SUPPLEMENTAL AGREEMENT
TO THE BOTTLER'S AGREEMENT

This Supplemental Agreement (the "Supplemental Agreement") is entered into with effect from October 6, 2000, by and among The Coca-Cola Company and The Coca-Cola Export Corporation (hereinafter collectively or severally referred to as the "Company") and Bottling Holdings (Netherlands) B.V., Coca-Cola Enterprises Belgium, Coca-Cola Entreprise,
Coca-Cola Enterprises Nederland B.V., Coca-Cola Enterprises Limited and La Societe de Boissons Gazeuses de la Cote d'Azur, S.A. (hereinafter collectively or severally referred to as the "Bottler(s)"),

WHEREAS, each Bottler has entered into a Bottler's Agreement with the Company effective July 26, 1996 except that the Bottler's Agreement between, Coca-Cola Enterprises Limited and the Company is effective February 10, 1997, the Bottler's Agreement between Bottling Holdings (Netherlands) B.V. and the Company is effective October 6, 2000 and the Bottler's Agreement between La Societe de Boissons Gazeuses de la Cote d'Azur, S.A. and the Company is effective May 1, 1992 (hereinafter collectively or severally referred to as the "Bottler's Agreement(s)") concerning the preparation, packaging, distribution and sale of certain non-alcoholic beverages under trademarks owned by The Coca-Cola Company (hereinafter referred to as the "Beverages") packaged in containers authorized in the Bottler's Agreements by The Coca-Cola Company (hereinafter referred to as "Authorized Containers") and covering a territory particularly described in each Bottler's Agreement (hereinafter collectively or severally referred to as the "Territory(ies)");

WHEREAS, in an effort to maximize the beverage production and distribution efficiencies of their respective industrial and commercial facilities, the Bottlers desire to have the flexibility to: (1) exercise the production and/or distribution rights under their Bottler's Agreement in the Territory(ies) covered by any one or more of the other Bottler's Agreement(s); (2) exercise, in their respective Territory, the production and/or distribution rights under any one or more of the other Bottler's Agreement(s); and (3) allow each Bottler to have any other Bottler manufacture, for the requesting Bottler, Beverages in Authorized Containers listed in its respective Bottler's Agreement;

WHEREAS, subject to the terms of this Supplemental Agreement, the Company is desirous to authorize each Bottler to prepare and package and/or distribute and sell the Beverages in the Territory(ies);

NOW, THEREFORE:

1.
In addition to the rights granted to each Bottler under Clause I of each Bottler's Agreement to prepare, package, distribute and sell the Beverages in Authorized Containers in and throughout a specific Territory, each Bottler is hereby authorized to: a) prepare and package and/or sell or distribute the Authorized Containers throughout any one or more of the Territory(ies); b) prepare and package and/or sell or distribute, in its respective Territory, the Authorized Containers listed under any one or more of the other Bottler's Agreement(s); and c) have any other Bottler manufacture for the requesting Bottler Beverages authorized under the requesting Bottler's Bottler's Agreement.
 
2. Notwithstanding the provisions under 1) above, each Bottler shall, throughout the duration of this Supplemental Agreement, be primarily responsible to the Company for fulfilling all of its obligations under the Bottlers Agreement it has entered into with the Company, including but not limited to its obligation to prepare and present to the Company once in each calendar year, a program (the "Annual Program") which shall include but shall not be limited to the marketing, management, financial, promotional and advertising plans of the Bottler showing in detail the activities contemplated for the ensuing twelve-month period or such other period as the Company may prescribe, and which shall be acceptable to the Company as to form and substance.
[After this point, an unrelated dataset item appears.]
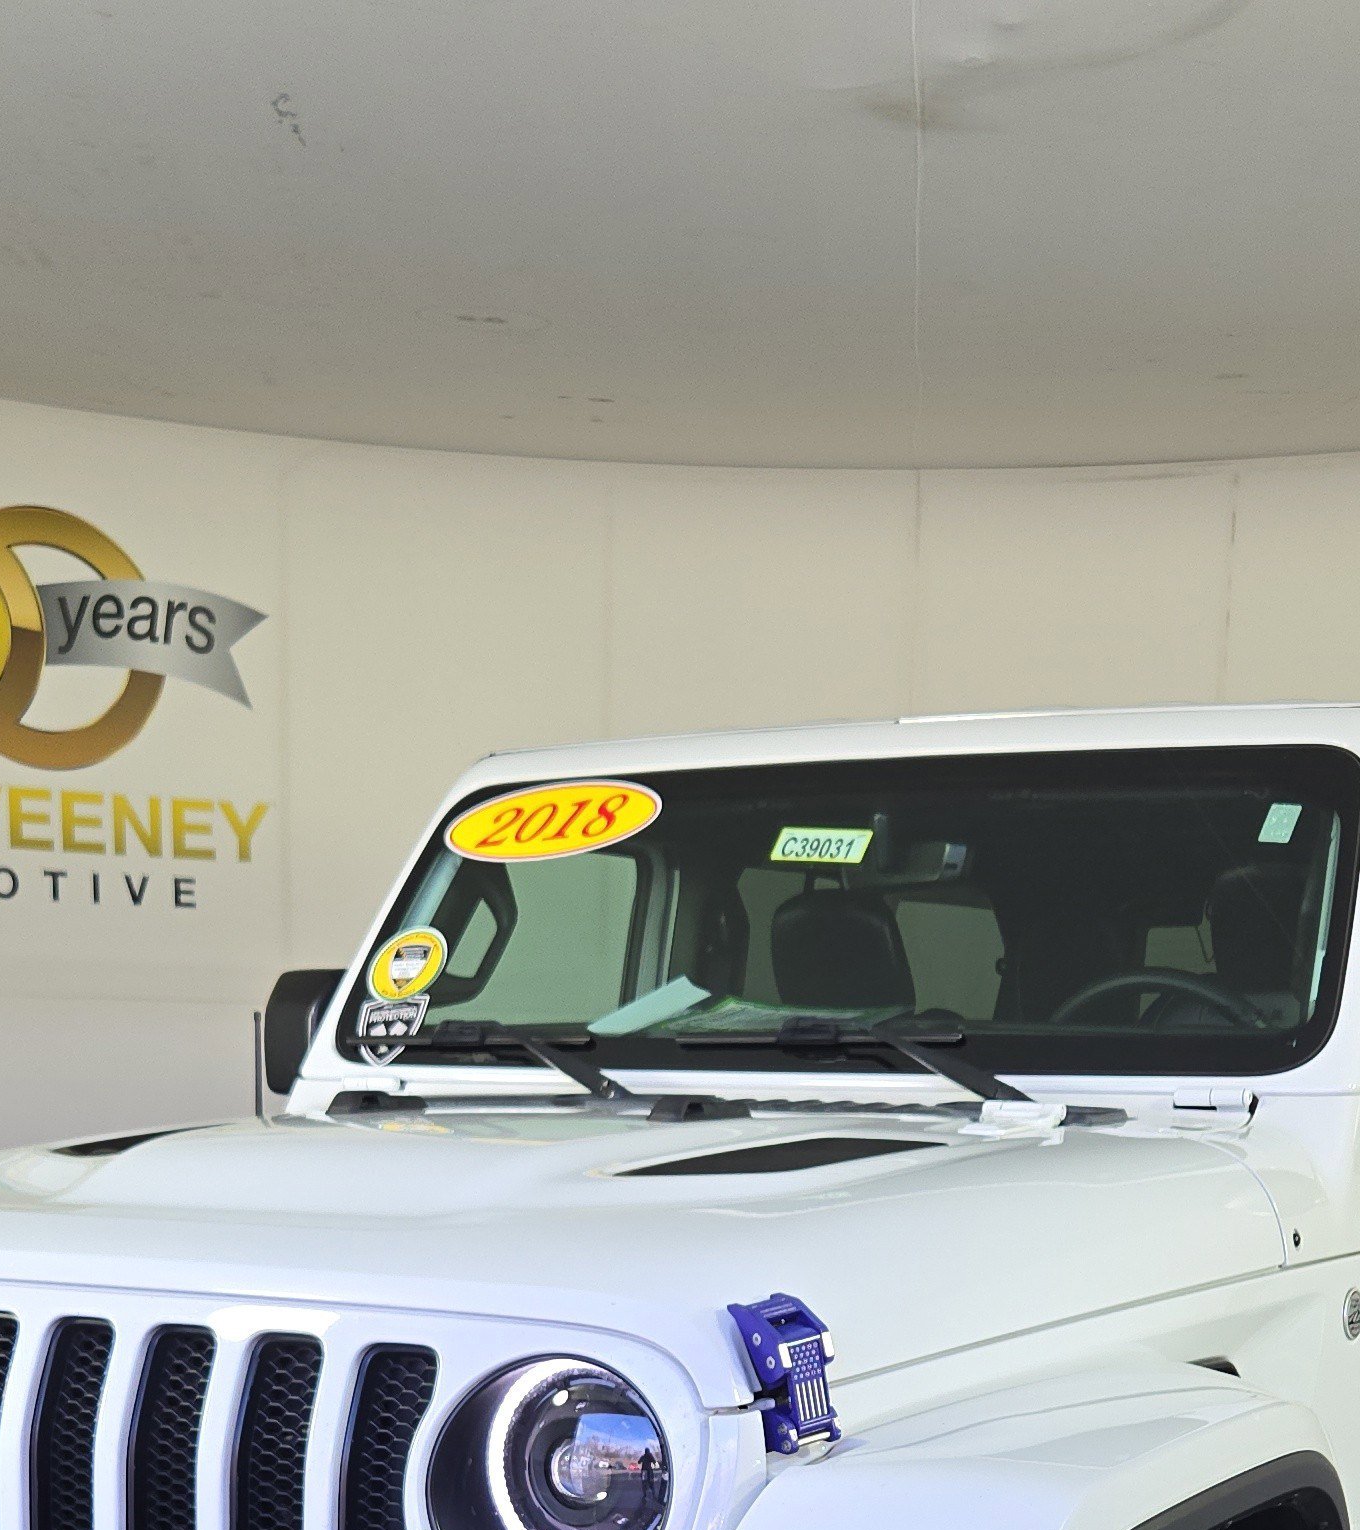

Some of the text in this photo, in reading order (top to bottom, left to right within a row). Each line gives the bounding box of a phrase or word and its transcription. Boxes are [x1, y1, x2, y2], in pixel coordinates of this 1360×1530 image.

[57, 591, 217, 654] years
[475, 793, 630, 848] 2018
[781, 836, 856, 860] C39031
The Bottler shall continue to prosecute diligently such Annual Program and shall report quarterly or at such other intervals as the Company may request in connection with the implementation of the Annual Program. The Bottler shall also report on a monthly basis, or at such other intervals as the Company may request, to the Company, sales of each of the Beverages in each of the Territories and in such detail and containing such information as may be requested by the Company.
 
3. In addition, notwithstanding the provision under 1) above, no Bottler shall be engaged in production, packaging, sale or distribution activities in any of the other Bottlers' Territories (i) at the expense of neglecting the development of the Company's Beverages in the Territory defined in the Bottlers Agreement it has entered into with the Company, and (ii) unless its obligations under the Bottler's Agreement it has entered into with the Company are fulfilled to the satisfaction of the Company.
 
 
4.
Notwithstanding the foregoing, no Bottler shall initiate the production, packaging, sale or distribution of any Beverage or any Authorized Container in any Territory, which at such time is not produced, packaged, sold or distributed within that Territory, without the-prior express agreement on a customer and consumer program acceptable to the Company or its designated entity, for the Beverage or Authorized Container in question.
 
5. Each Bottler shall comply with all applicable laws and regulations in effect in any Territory where it produces, packages, sells or distributes the Beverages.
 
6. It is the desire of the parties that this Supplemental Agreement remain in force for the duration of the Bottlers Agreement(s). However, the system of operation authorized under this Supplemental Agreement is a new concept which has not been implemented by the Company with independent entities before. It is therefore possible that unforeseen difficulties may arise in its application. The Company therefore retains the rights to (i) withdraw selectively the authorization of any of the Bottlers to operate in the Territories of the others; or (ii) terminate this Supplemental Agreement at any time during its validity by giving the Bottlers ninety (90) days' prior written notice of its intention to terminate.
 
7. This Supplemental Agreement shall be interpreted, construed and governed by and in accordance with the laws of Belgium. Any dispute arising hereunder shall be referred to the courts of Brussels.
 
8. This Supplemental Agreement supersedes any previous agreements entered into among the Company and the Bottlers in connection with the subject matter herein.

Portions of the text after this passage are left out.